Так английские писатели-предромантики Хорас (Гораций) Уолпол («Замок Отранто», 1765), Анна Радклиф («Удольфские тайны», 1794) и другие создали новую разновидность жанра романа — готический роман, или роман ужасов. На долю героев такого романа, действие которого должно было протекать в старинном замке или в аббатстве, населенном привидениями, сверхъестественными силами, выпадают невероятные приключения. Иррациональные обстоятельства почти неизменно оказываются сильнее разумной воли человека... И недаром этот жанр назвали готическим. Готика — архитектурнохудожественный стиль, принятый в европейском градостроительном искусстве XIII—XVI веков; огромные стрельчатые готические соборы с цветными окнами-витражами и гигантскими ажурными башнями неудержимо устремлялись ввысь, к небу. Просветителям эта архитектурная безудержность казалась образцом средневекового варварства, стихийности, неуравновешенности. Ей противостоял размеренный, «аккуратный», продуманный до мельчайших деталей (и чуть приземленный) архитектурный стиль классицизма. А для писателей-предромантиков готика — градостроительный прообраз современного мира, непредсказуемого, готового вырваться за пределы земного тяготения, постоянно ощущающего таинственную мистическую угрозу.
Кроме того, предромантикам претило пренебрежение классицистов к национальным корням культуры, презрение к «дикой старине». Напротив, они были убеждены, что именно в древности культуре (при всей ее не-утонченности) были открыты величайшие художественные истины, утраченные впоследствии, по мере того как развивалась цивилизация. Предромантики начали собирать и публиковать памятники старинной народной поэзии, фольклора, а подчас, когда поиски не приводили к желаемому результату, они попросту придумывали такие памятники и выдавали свои сочинения за расшифрованные записи давнишних времен. Попросту совершали литературную мистификацию.
Самой знаменитой литературной мистификацией в мире стало появление в 1761 году книги поэм барда (то есть сказителя) IV века Оссиана. Издатели объявили о грандиозном научном открытии, — мол, найдены эпические сказания древних шотландцев, горцев, говоривших на гэльском языке. Под маской переводчика скрывался шотландец Джеймс Макферсон (1736—1796), который собирал горский фольклор и на основе полученных материалов сочинял поэмы о Фингале, короле легендарного древнего государства Морвен. Свои сочинения он приписывал никогда не существовавшему Оссиану.

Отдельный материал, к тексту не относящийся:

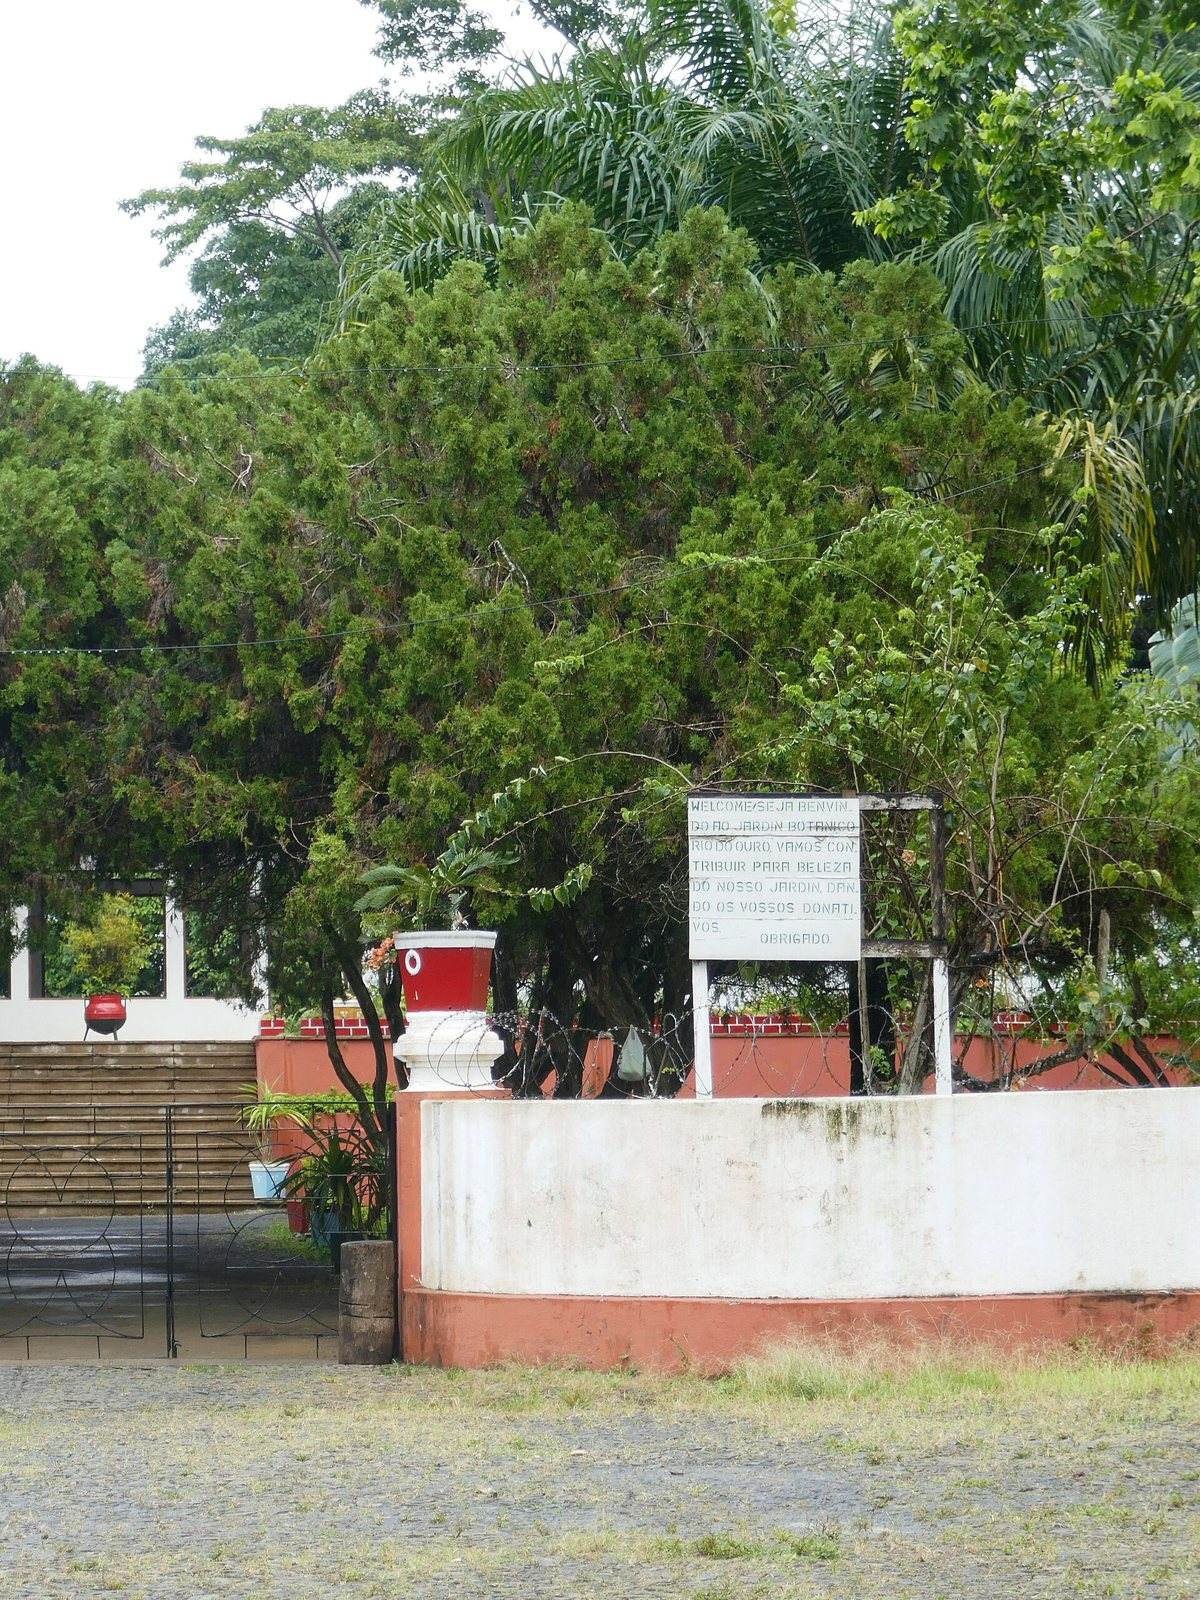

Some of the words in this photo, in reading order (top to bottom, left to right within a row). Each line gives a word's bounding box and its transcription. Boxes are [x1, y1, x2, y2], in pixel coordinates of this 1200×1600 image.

[691, 820, 708, 832] DO
[713, 820, 730, 832] AO
[734, 821, 782, 832] JARDIN
[776, 841, 821, 852] VAMOS
[693, 860, 746, 872] TRIBUIR
[754, 861, 790, 872] PARA
[798, 862, 851, 872] BELEZA
[693, 880, 710, 892] DO
[717, 881, 762, 892] NOSSO
[693, 902, 710, 912] DO
[716, 902, 734, 912] OS
[740, 902, 794, 913] VOSSOS
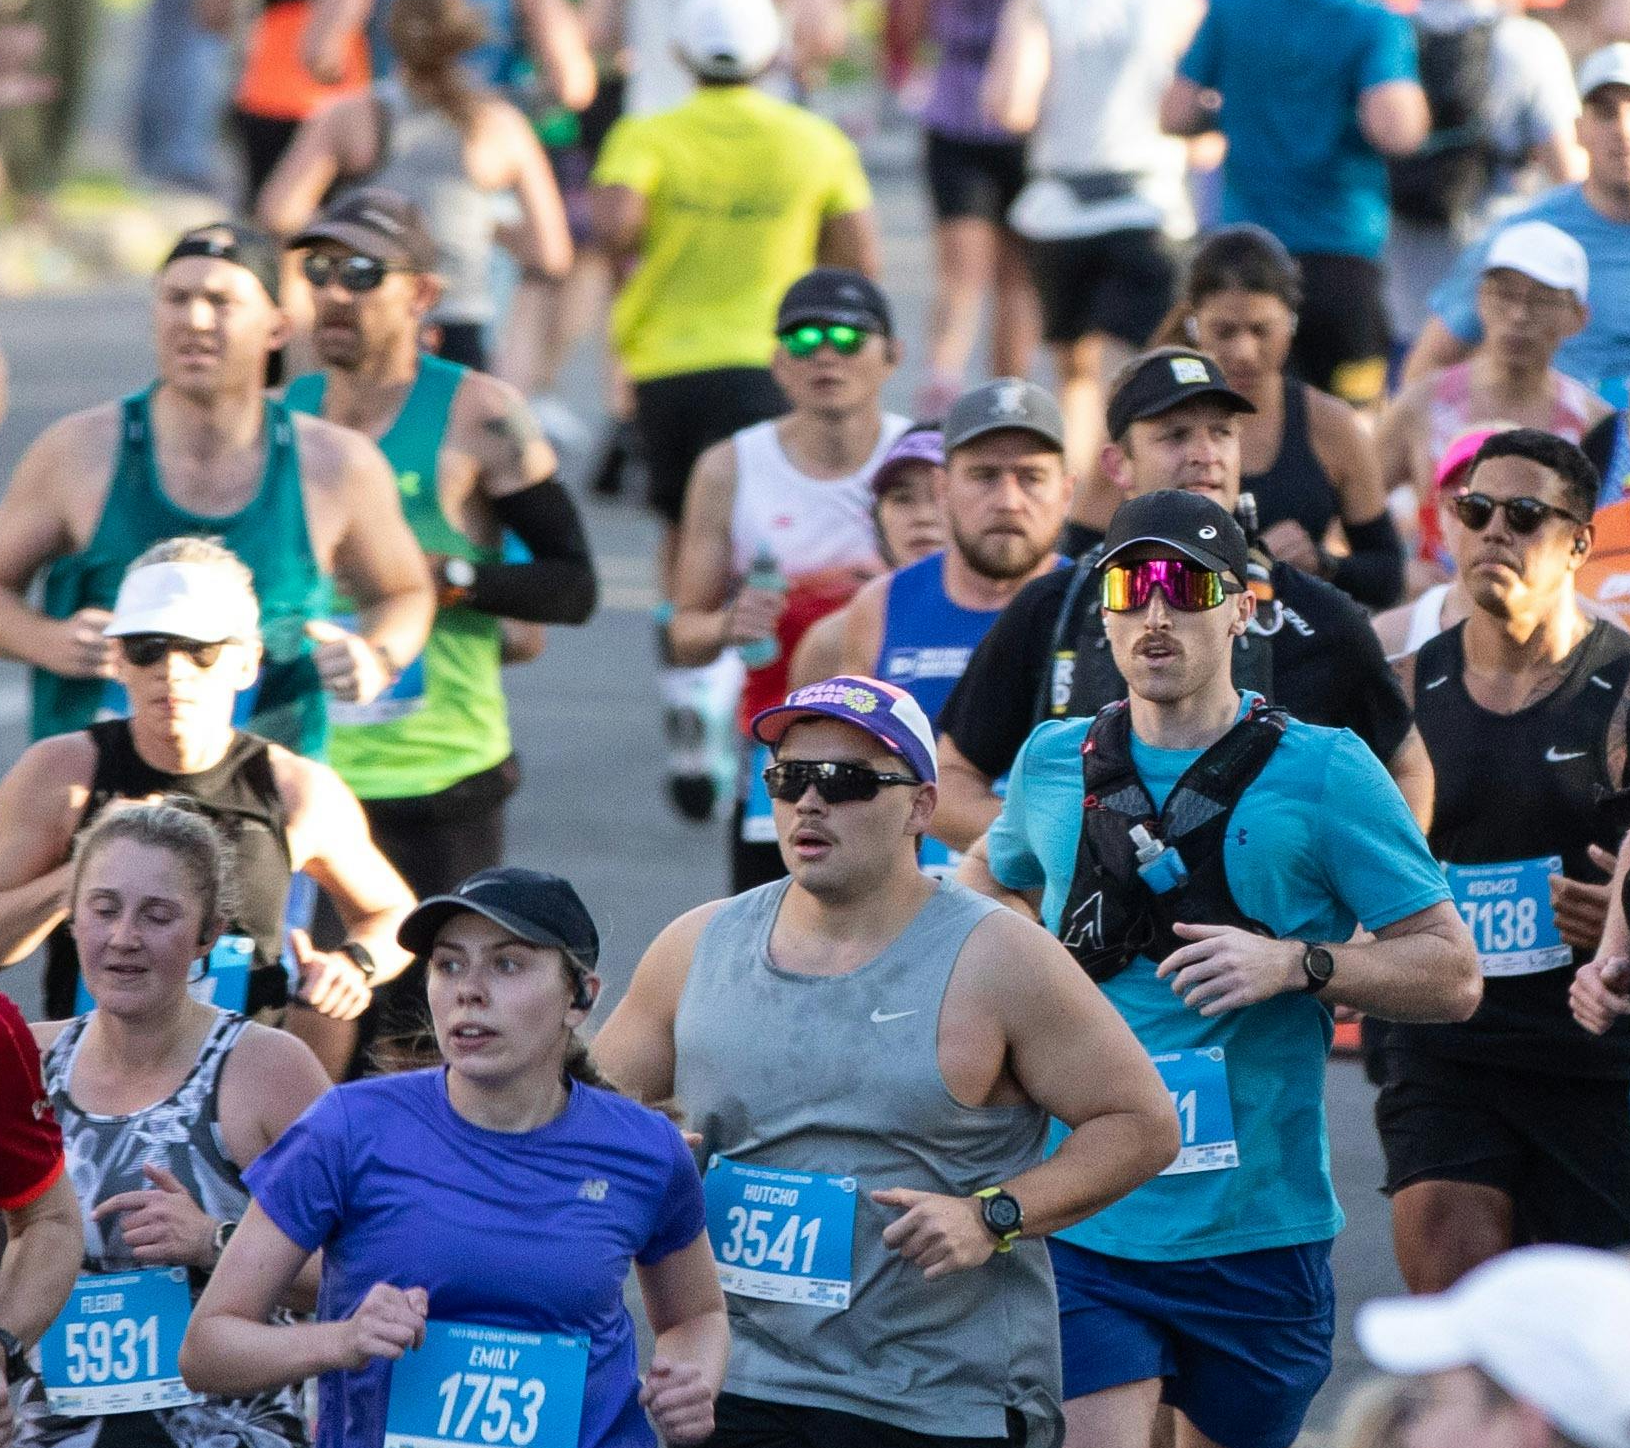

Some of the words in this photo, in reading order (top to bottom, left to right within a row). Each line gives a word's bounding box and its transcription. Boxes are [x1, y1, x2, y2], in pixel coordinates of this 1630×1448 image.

[1460, 897, 1538, 951] 7138
[743, 1183, 799, 1207] HUTCHO
[721, 1206, 822, 1274] 3541
[81, 1293, 125, 1314] FLEUR
[65, 1315, 159, 1384] 5931
[469, 1345, 520, 1370] EMILY
[437, 1371, 546, 1446] 1753
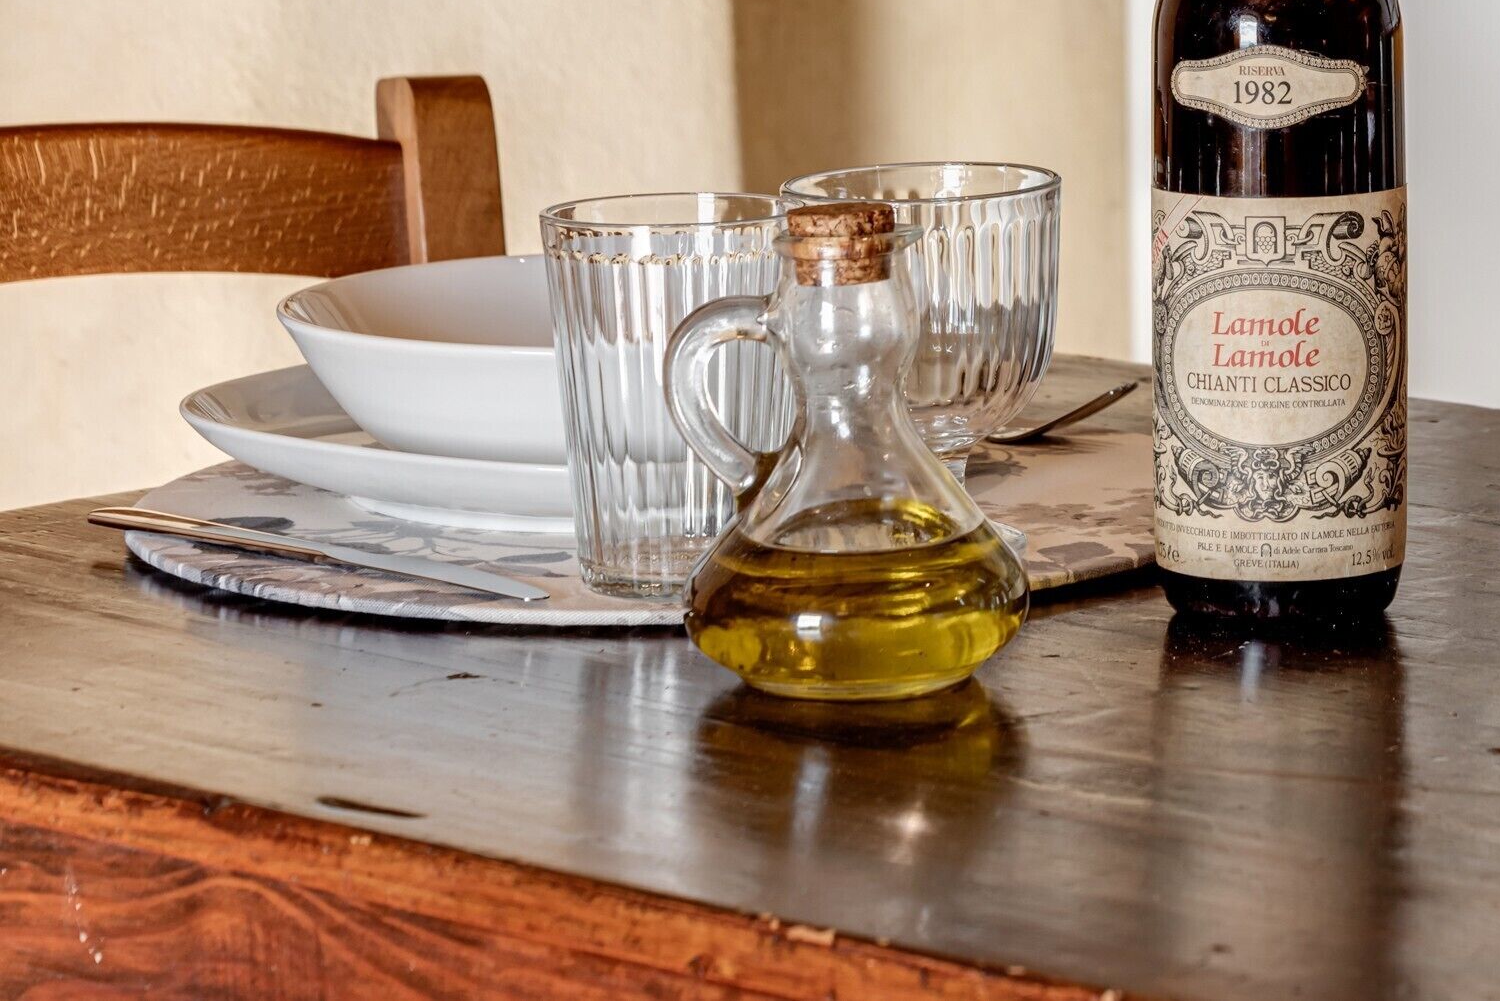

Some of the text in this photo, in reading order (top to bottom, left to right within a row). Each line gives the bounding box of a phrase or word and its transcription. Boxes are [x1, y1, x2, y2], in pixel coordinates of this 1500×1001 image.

[1239, 65, 1285, 76] RISERVA
[1233, 80, 1292, 105] 1982
[1211, 308, 1320, 336] Lamole
[1211, 341, 1320, 368] Lamole
[1187, 372, 1351, 393] CHIANTI CLASSICO
[1191, 397, 1346, 408] DENOMINAZIONE D'ORIGINE CONTROLLATA
[1176, 524, 1220, 538] INVECCHIATO
[1230, 532, 1297, 540] IMBOTTIGLIATO
[1300, 531, 1309, 540] IN
[1311, 529, 1345, 540] LAMOLE
[1346, 526, 1370, 537] NELLA
[1216, 544, 1222, 552] E
[1224, 544, 1258, 554] LAMOLE
[1273, 546, 1280, 554] di
[1282, 546, 1301, 554] Adele
[1302, 545, 1328, 554] Carrara
[1233, 559, 1300, 569] GREVE (ITALIA)
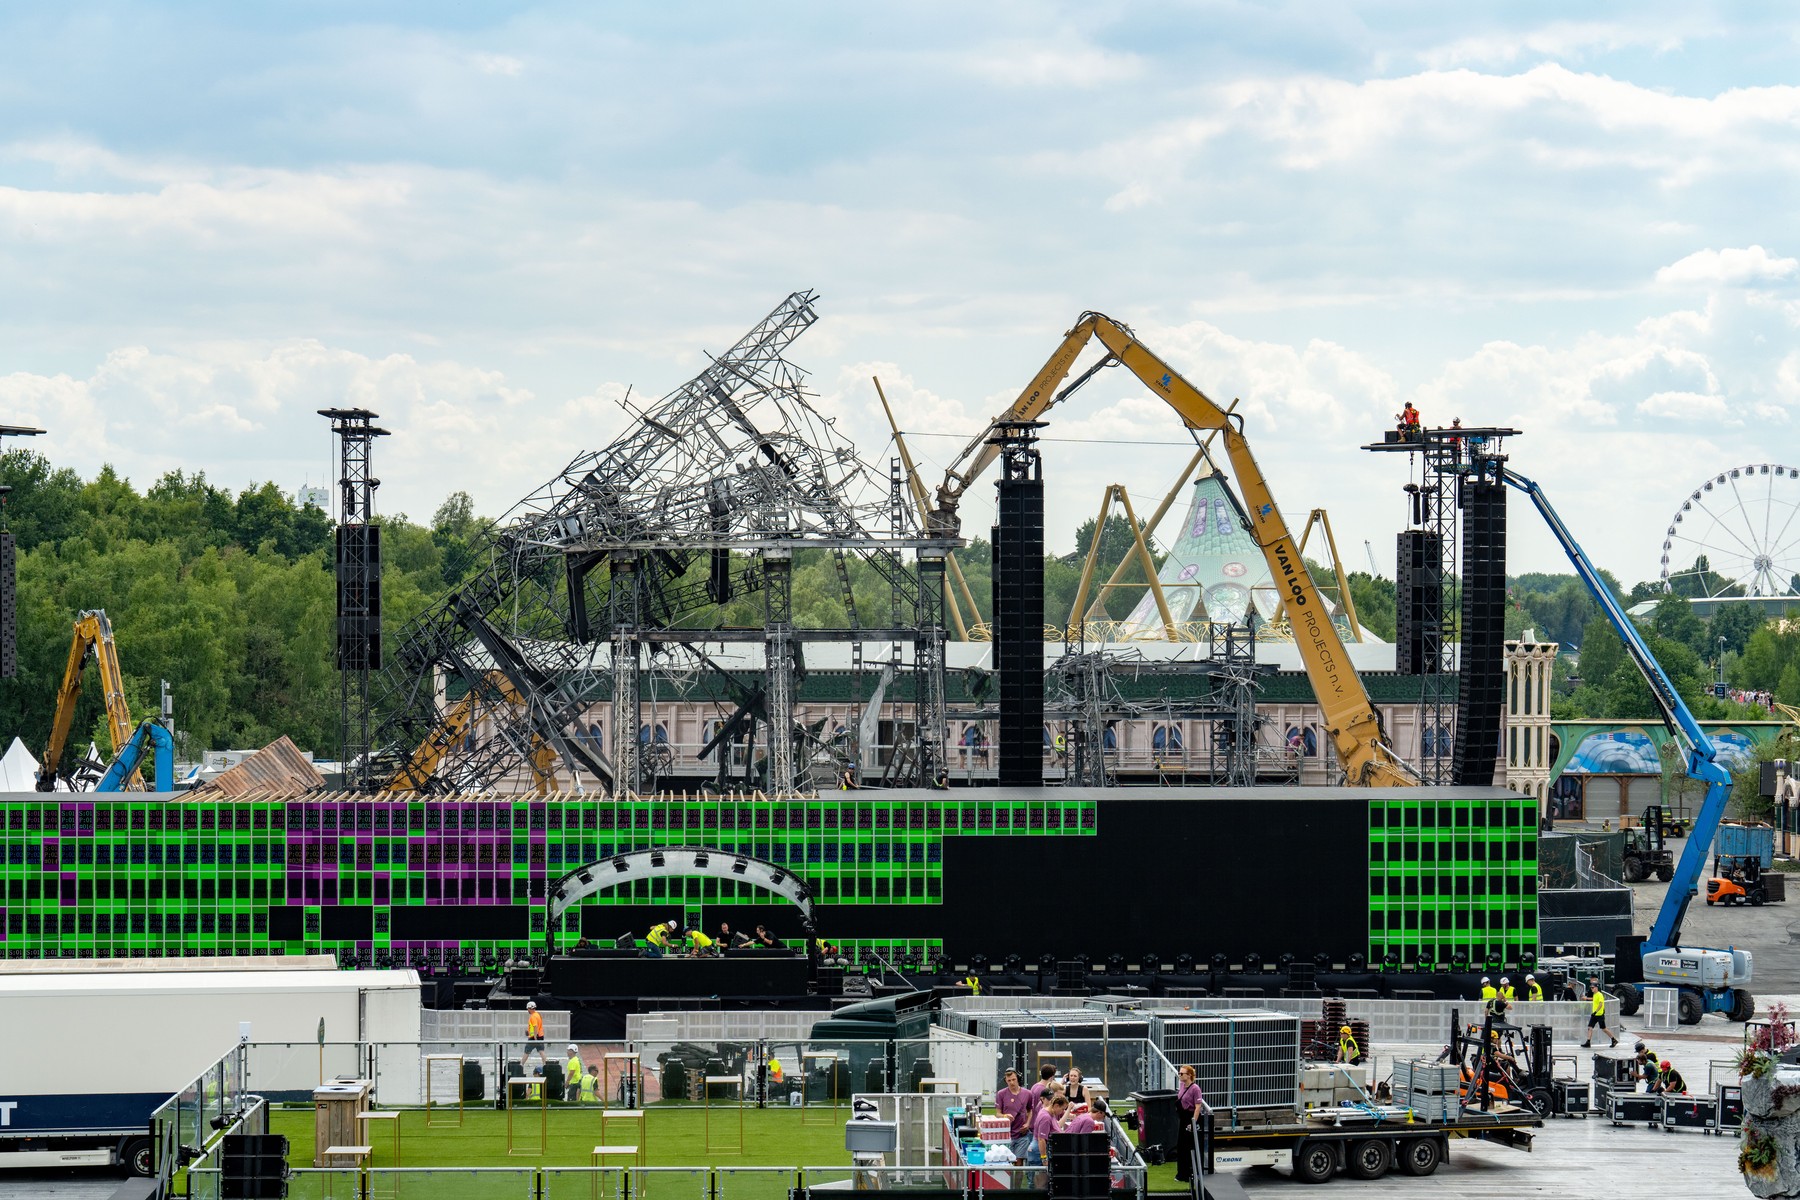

Получалось нечто загадочное, фантастическое, дисгармоничное и завораживающее. Действие поэм происходило, как правило, в сумерках или ночью — так что героически-мрачные лица воинов, персонажей поэм, освещал яркий и холодный свет луны; все это создавало таинственную, волнующую атмосферу. То была не настоящая древность, но образ древности, понятный людям второй половины XVIII века, отвечающий их предромантическим вкусам и представлениям о седой старине. Поэмы Оссиана произвели переворот в литературе Европы: многочисленные переводы, подражания, вариации заполнили книжные рынки Англии, Франции, Германии, с некоторым опозданием — и России.
Сентиментализм и предромантизм стали предвестием будущих художественных открытий, их упреждающим эхом. Все чувствовали: в литературе наступает новая эпоха.